_Problem to work on_. Repeat the listing word for word. No pictures belong in the copy.

_Entries provided_.
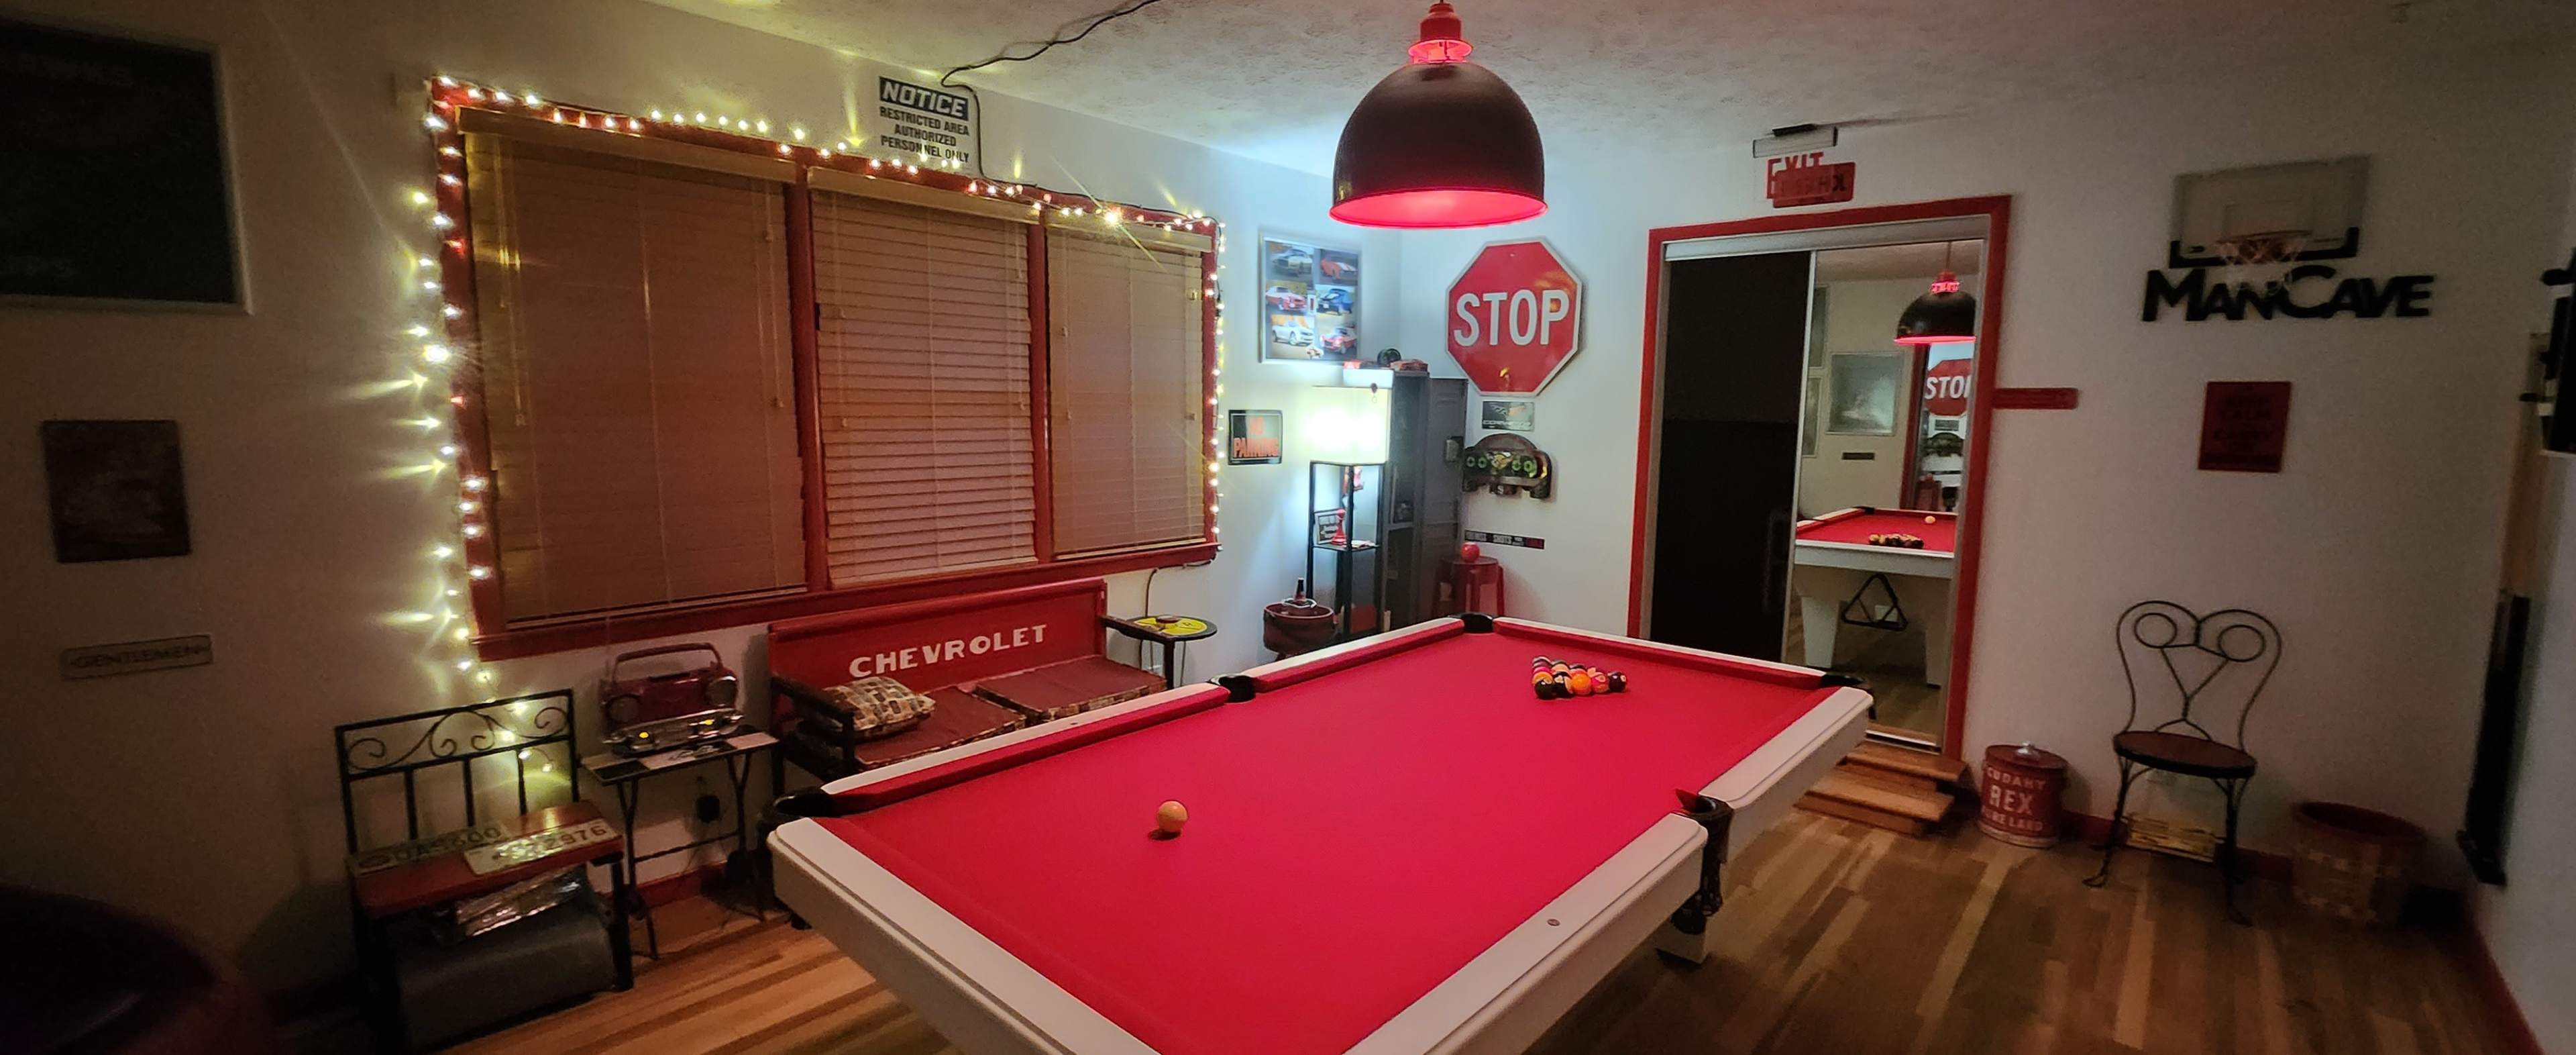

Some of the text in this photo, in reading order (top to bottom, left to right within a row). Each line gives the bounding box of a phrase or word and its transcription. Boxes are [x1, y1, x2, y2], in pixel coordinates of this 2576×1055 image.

[882, 81, 966, 117] NOTICE
[879, 107, 970, 136] RESTRICTED AREA
[894, 124, 956, 146] AUTHORIZED
[881, 135, 969, 163] PERSONNEL ONLY
[1454, 289, 1570, 346] STOP
[850, 624, 1046, 678] CHEVROLET
[1988, 785, 2033, 815] REX
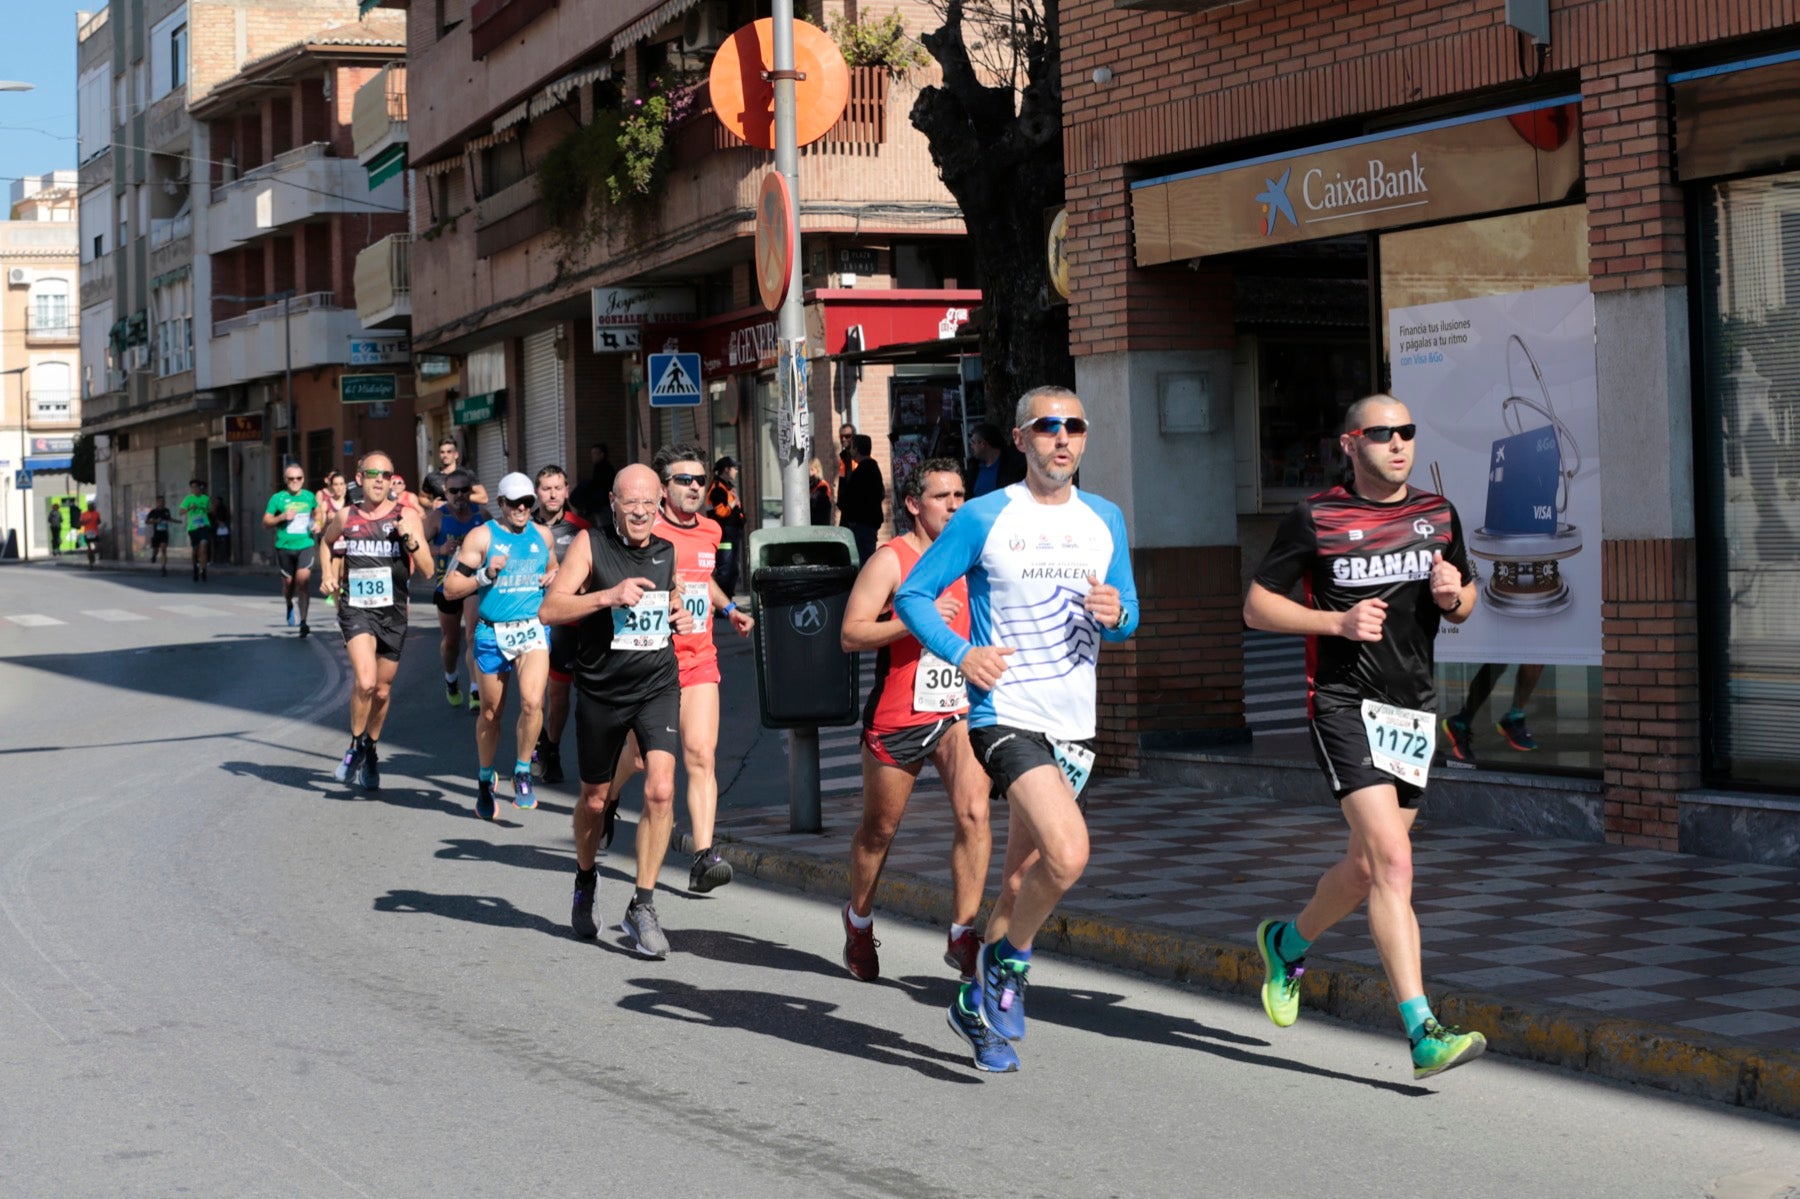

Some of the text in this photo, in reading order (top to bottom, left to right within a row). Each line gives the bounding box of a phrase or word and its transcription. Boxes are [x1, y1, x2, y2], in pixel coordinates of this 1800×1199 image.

[1302, 151, 1428, 211] CaixaBank
[1399, 319, 1471, 337] Financia tus ilusiones
[1400, 342, 1406, 353] y
[1439, 335, 1447, 346] tu
[1448, 334, 1468, 345] ritmo
[1533, 505, 1552, 520] VISA
[1021, 567, 1097, 579] MARACENA
[1332, 549, 1436, 580] GRANAD
[356, 580, 385, 595] 138
[624, 609, 664, 632] 467
[1447, 625, 1459, 634] vida
[926, 668, 965, 689] 305
[1376, 725, 1427, 760] 1172

_Response_.
Some of the text in this photo, in reading order (top to bottom, left to right within a row). Each line gives the bounding box of a phrase or word and its transcription. Boxes are [x1, y1, x2, y2], in pixel coordinates of this 2576×1055 image.

[882, 81, 966, 117] NOTICE
[879, 107, 970, 136] RESTRICTED AREA
[894, 124, 956, 146] AUTHORIZED
[881, 135, 969, 163] PERSONNEL ONLY
[1454, 289, 1570, 346] STOP
[850, 624, 1046, 678] CHEVROLET
[1988, 785, 2033, 815] REX

Some of the text in this photo, in reading order (top to bottom, left to right within a row). Each line gives the bounding box of a phrase or word and its transcription. Boxes are [x1, y1, x2, y2], in pixel coordinates of this 1800×1199 image.

[1302, 151, 1428, 211] CaixaBank
[1399, 319, 1471, 337] Financia tus ilusiones
[1400, 342, 1406, 353] y
[1439, 335, 1447, 346] tu
[1448, 334, 1468, 345] ritmo
[1533, 505, 1552, 520] VISA
[1021, 567, 1097, 579] MARACENA
[1332, 549, 1436, 580] GRANAD
[356, 580, 385, 595] 138
[624, 609, 664, 632] 467
[1447, 625, 1459, 634] vida
[926, 668, 965, 689] 305
[1376, 725, 1427, 760] 1172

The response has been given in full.